Data:
<<<<
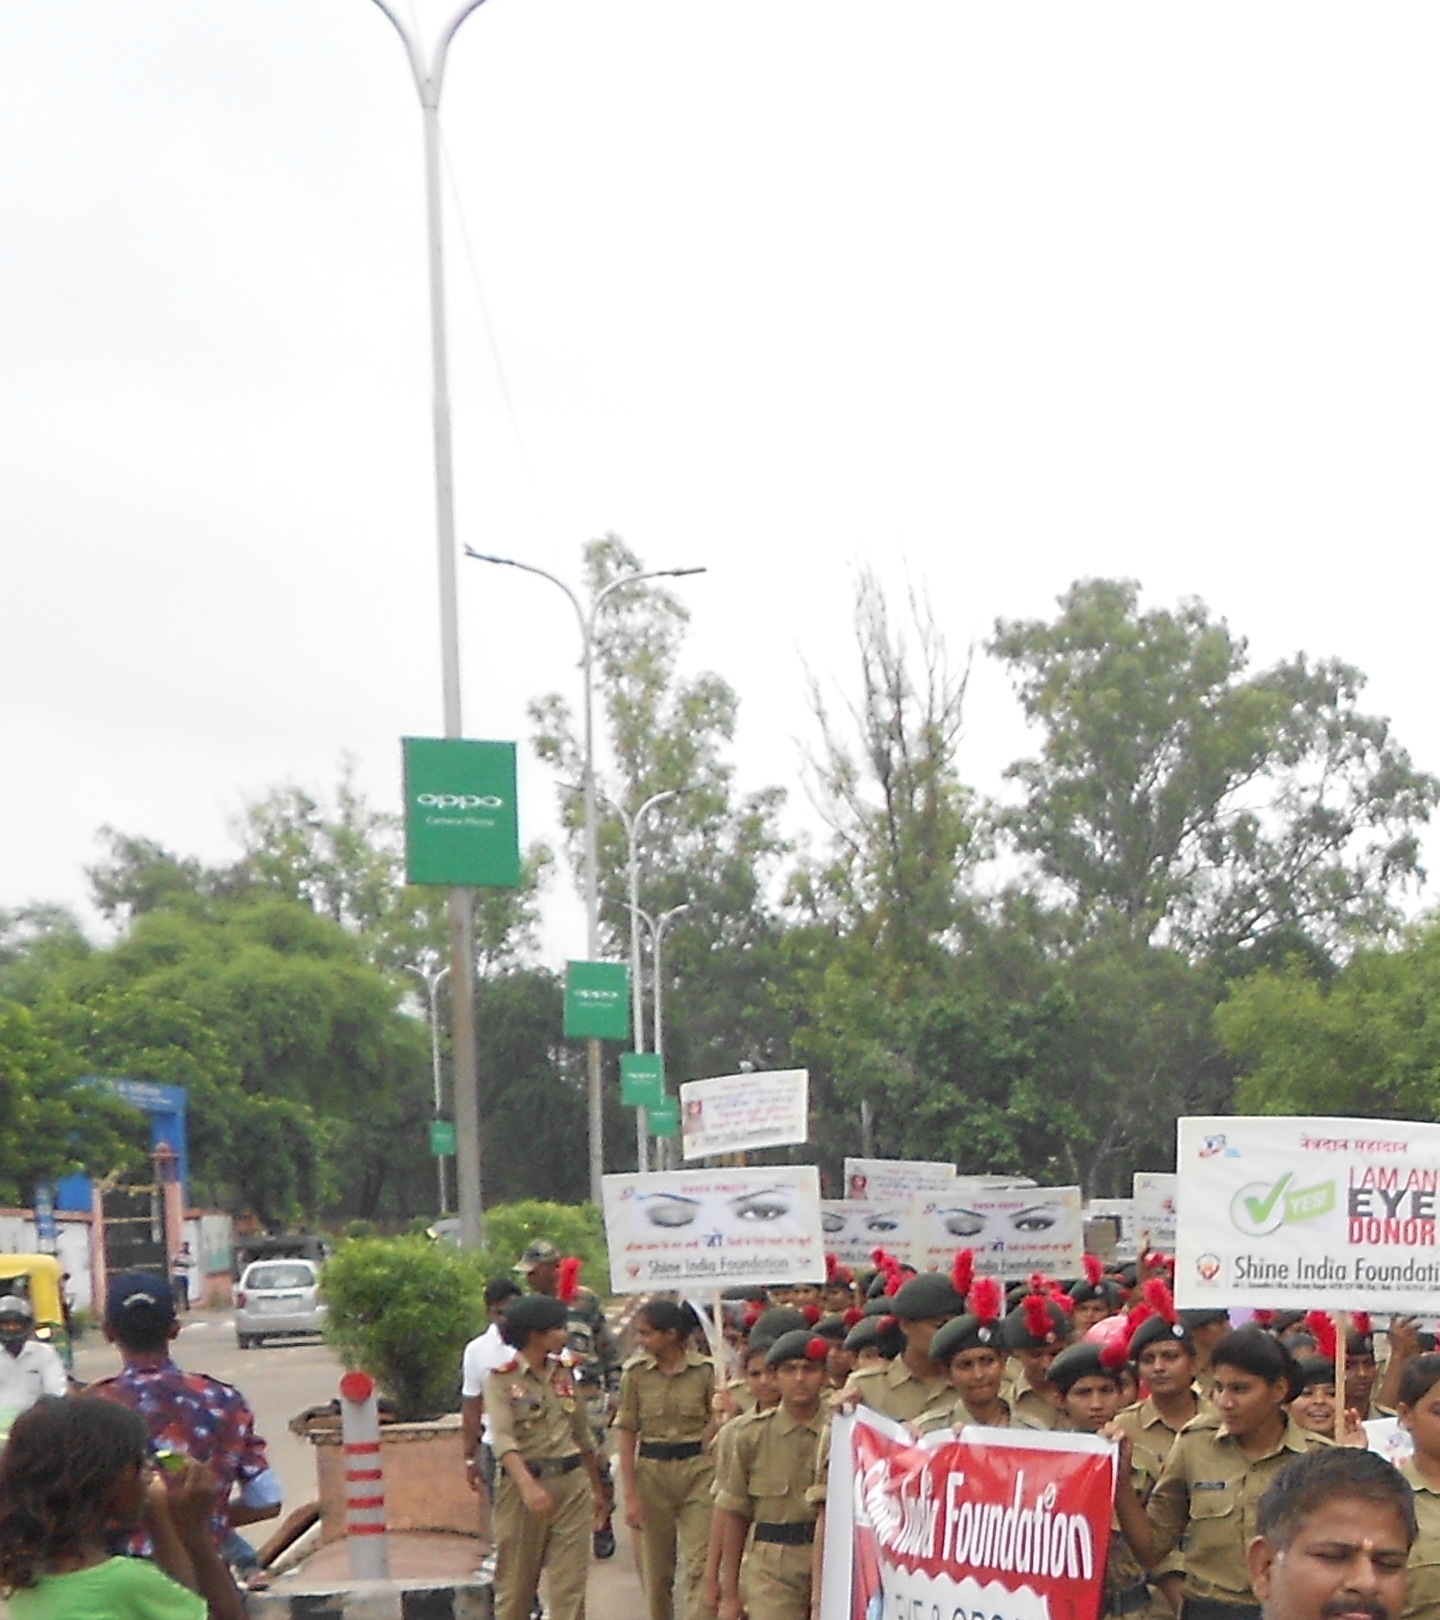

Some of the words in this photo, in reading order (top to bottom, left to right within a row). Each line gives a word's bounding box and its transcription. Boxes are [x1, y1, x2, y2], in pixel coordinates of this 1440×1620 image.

[1361, 1166, 1399, 1190] AM
[1406, 1168, 1438, 1191] AN
[1348, 1187, 1437, 1219] EYE
[1348, 1217, 1436, 1246] DONOR
[1234, 1254, 1289, 1280] Shine
[1297, 1255, 1347, 1281] India
[942, 1469, 1093, 1580] Foundation
>>>>
Restate the records word for word, omitting images.

Some of the words in this photo, in reading order (top to bottom, left to right within a row). Each line gives a word's bounding box and its transcription. Boxes are [x1, y1, x2, y2], in pixel coordinates of this 1440×1620 image.

[1361, 1166, 1399, 1190] AM
[1406, 1168, 1438, 1191] AN
[1348, 1187, 1437, 1219] EYE
[1348, 1217, 1436, 1246] DONOR
[1234, 1254, 1289, 1280] Shine
[1297, 1255, 1347, 1281] India
[942, 1469, 1093, 1580] Foundation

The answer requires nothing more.